Семья дружно похрапывала. Сергей Юрьевич не стал никого будить, оделся, тихонько выскользнул за дверь. От демонстрации его никто не освобождал.
Вышел из подъезда — и зажмурился от неистового свечения снега. Деревья странные, как во сне. Снег и розовато-белая кипень цветов. Это груши-дикарки так не вовремя расцвели. Стоял и смотрел на невиданное зрелище. Черемуха только набирала цвет, осторожничала. Рябина тоже зажимала в крепком зеленом кулачке кисти соцветий — ей ли не знать взбалмошную уральскую погоду. Кусты крыжовника и серебристого лоха были погребены под навалами снега. Увидел маленького человечка, горбуна Николая Николаевича, в кургузом пальтишке с приколотой на груди красной праздничной тряпочкой. Он шагал от куста к кусту, освобождая ветви от придавившего их к земле снега.
Сергей Юрьевич шел и приглядывался к зеленым травинкам и листкам, иные скрутились, висели безвольно — похоже, не отойдут.
Праздник некстати, некстати отовсюду льющиеся бравурные мелодии маршей, на душе от них еще горше.
Учителя, как сговорившись, молчали о походниках. Он понял: груз на нем одном.
В тягостном ожидании каких-либо известий прошел день, и наступил следующий. Валерий Федорович почему-то не звонил, не появлялся. Сергей Юрьевич собрался, пошел к нему сам.
Открыла Светлана Григорьевна. Обычно веселая и приветливая, буркнула что-то, отдаленно похожее на приветствие, шмыгнула в другую комнату, застучала швейной машинкой. Валерий Федорович брился в ванной, напевая бодренький мотивчик, вроде того, что броня крепка и танки наши быстры…
— Телеграммы нет? — спросил Сергей Юрьевич.

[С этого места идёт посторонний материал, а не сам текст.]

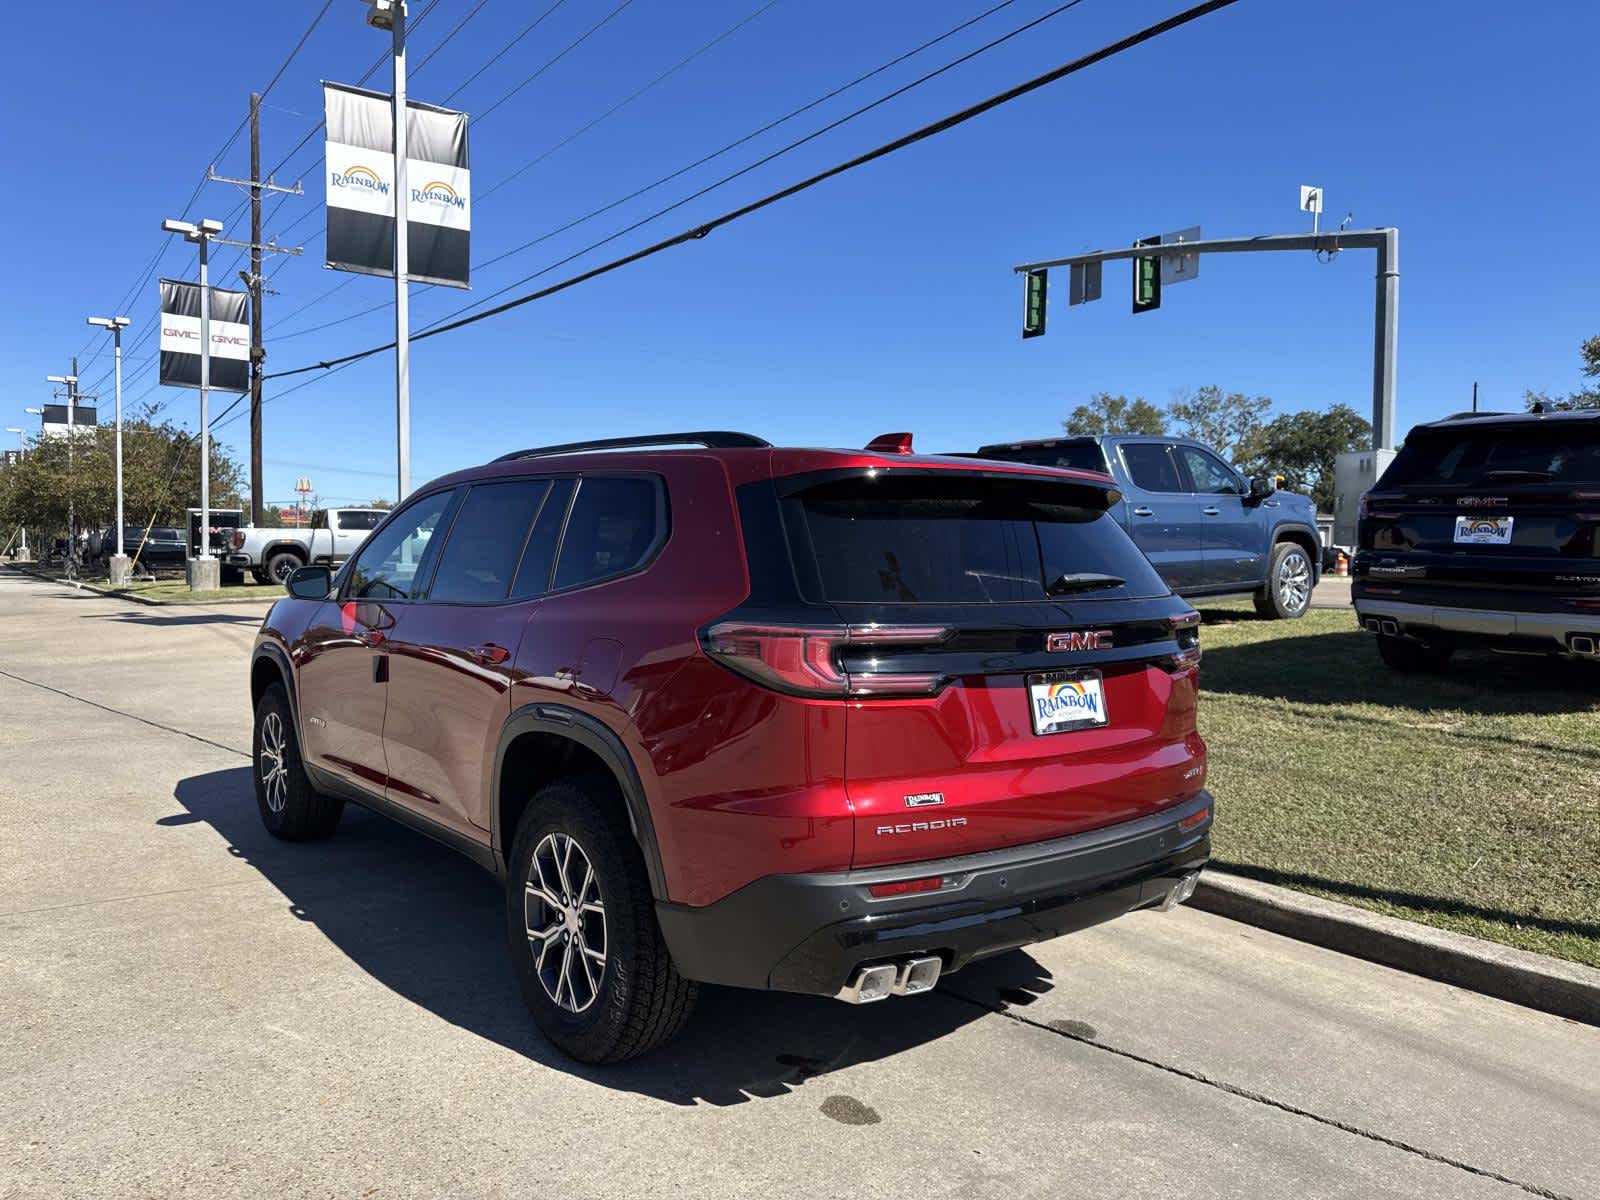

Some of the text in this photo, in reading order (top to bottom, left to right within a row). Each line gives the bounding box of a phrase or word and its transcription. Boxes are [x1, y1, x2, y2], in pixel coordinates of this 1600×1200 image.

[331, 172, 390, 196] RAINBOW
[411, 189, 466, 210] RAINBOW
[163, 328, 201, 340] GMC
[211, 335, 249, 346] GMC
[1460, 526, 1508, 537] RAINBOW
[1047, 630, 1113, 652] GMC
[1037, 693, 1097, 719] RAINBOW
[877, 818, 967, 835] ACADIA
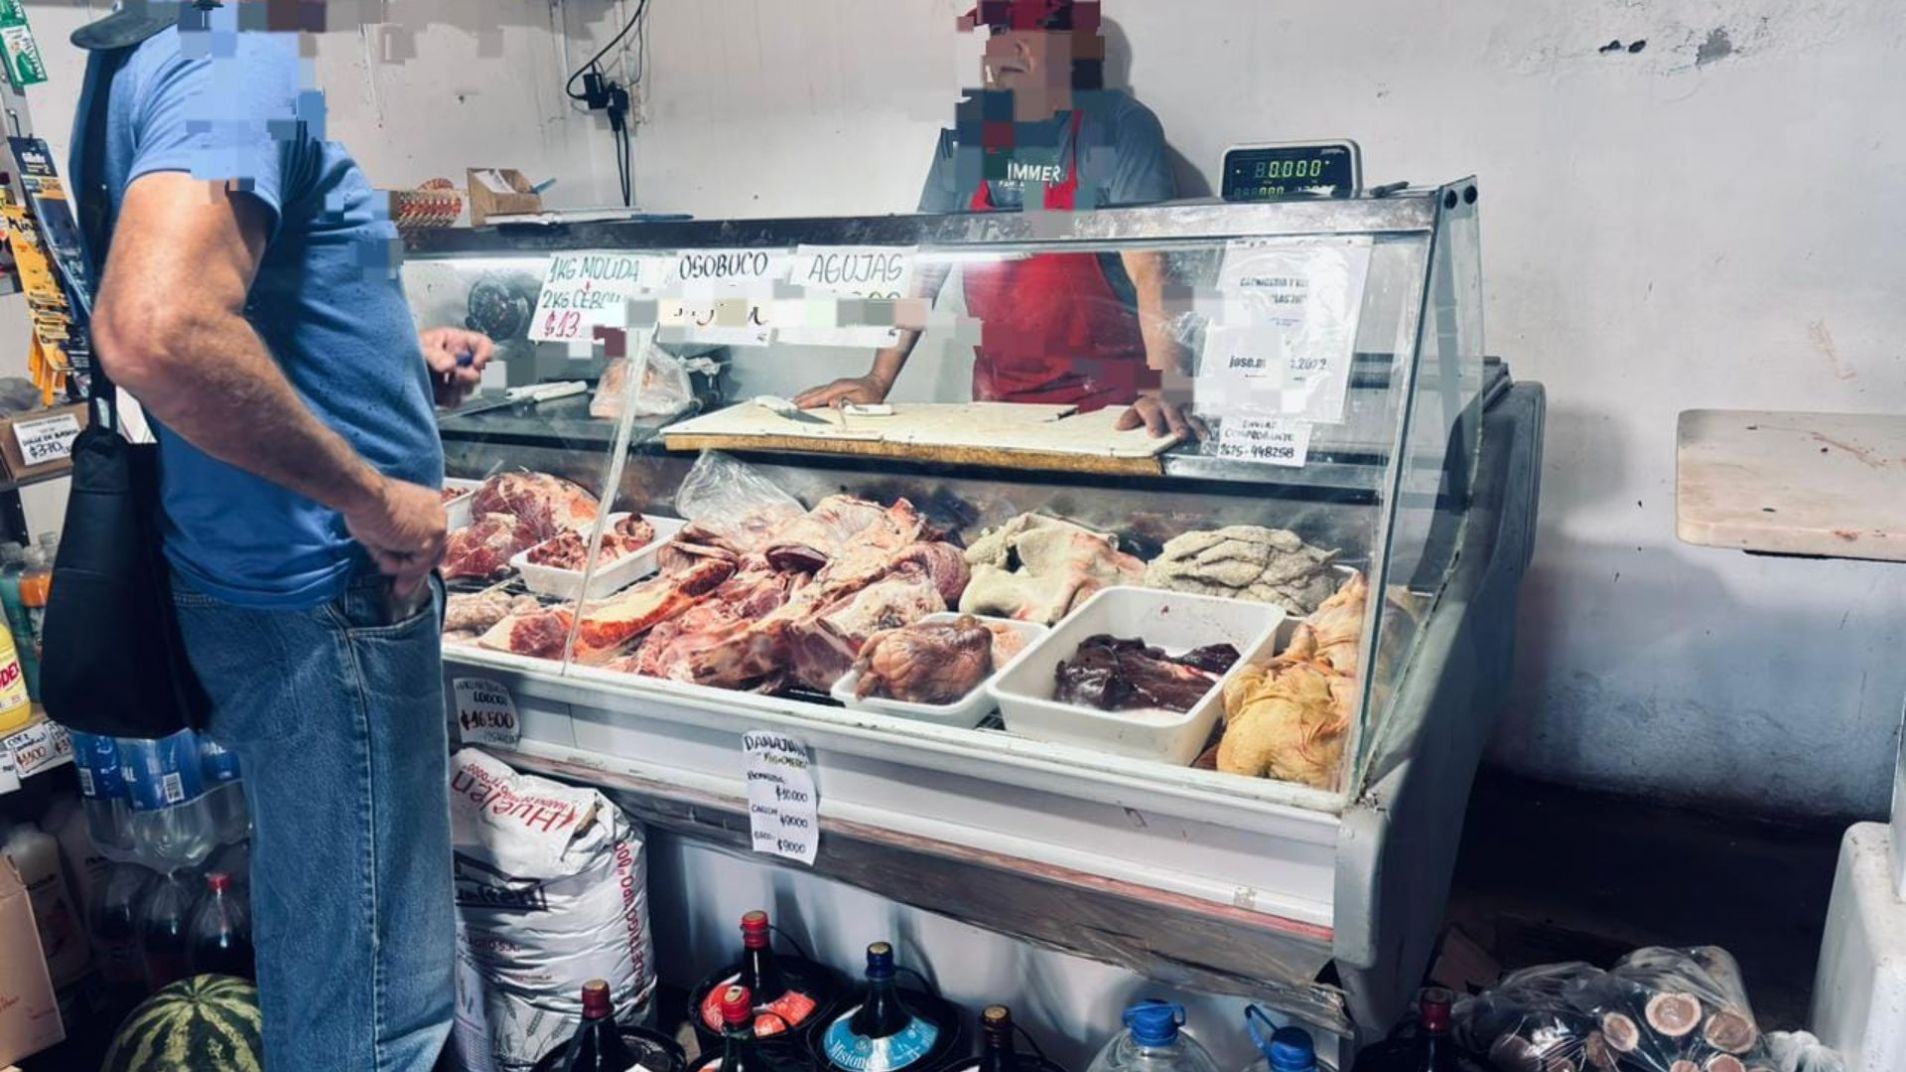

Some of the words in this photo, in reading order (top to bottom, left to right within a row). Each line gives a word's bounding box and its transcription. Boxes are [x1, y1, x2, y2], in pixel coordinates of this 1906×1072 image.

— Рано еще. — Валерий Федорович смахнул мыльную пену с пальца, уверенно добавил: — Будет после обеда. — Сунувшись под кран, он минут пять истязал себя ледяной напористой струей, с удовольствием отфыркивался и сморкался. Потом вытерся мохнатым полотенцем, надернул на себя голубую майку с динамовской эмблемой. Долбанул болтавшуюся на веревке боксерскую грушу, прыгнул под потолок, схватился за перекладину, энергично подтянулся раз и два, соскочил пружинкой.
— Что, поссорились? — улучив момент, тихо спросил Сергей Юрьевич.
— Или, говорит, закроешь свой турклуб, или развод.
— И что ты выбрал?
— Остынет, не в первый раз. — И он снова напел свой отнюдь не современный мотивчик.
— Крепка у тебя броня, это уж точно, — откликнулась из другой комнаты Светлана Григорьевна… — Ничем не прошибешь. Сын под снегом ночует, а ему хоть бы что!
— Действительно, — подтвердил Сергей Юрьевич, — ты уж как-то слишком спокоен. Не говорю об остальных, неужели за Антона не переживаешь?
— Потому и спокоен, что Антон в походе. Понятно? — Валерий Федорович сел, закинул ногу на ногу, о чем-то грустно задумался. Но вот маленькое его курносое личико просияло. — Свет! — крикнул он. — А помнишь, мы ходили на Яман-Тау?… Июнь уже был, а мы проснулись в палатке, выглянули кругом снег, зима.
— Отвяжись! — был ответ из другой комнаты. — Сам сумасшедший и ребенка таким воспитал, — тут открылась дверь, вышла Светлана Григорьевна, бросила перед Валерием Федоровичем два сшитых из плащевой ткани мешочка с завязками, — вот твои бахилы, можешь примерить.
— Что это? — спросил Сергей Юрьевич.
— На Камчатку собираюсь, а там в сопках снег, без бахил плохо, — пояснил Валерий Федорович.
— Ну тогда я вообще ничего не понимаю, — сказал Сергей Юрьевич.
Глава пятая
Под лучом фонаря высветилось тесное пространство чужого дворика: поленница, покрытая от дождя кусками толя, рядом березовые чурбаки, железная бочка с дождевой водой, невысокое крыльцо.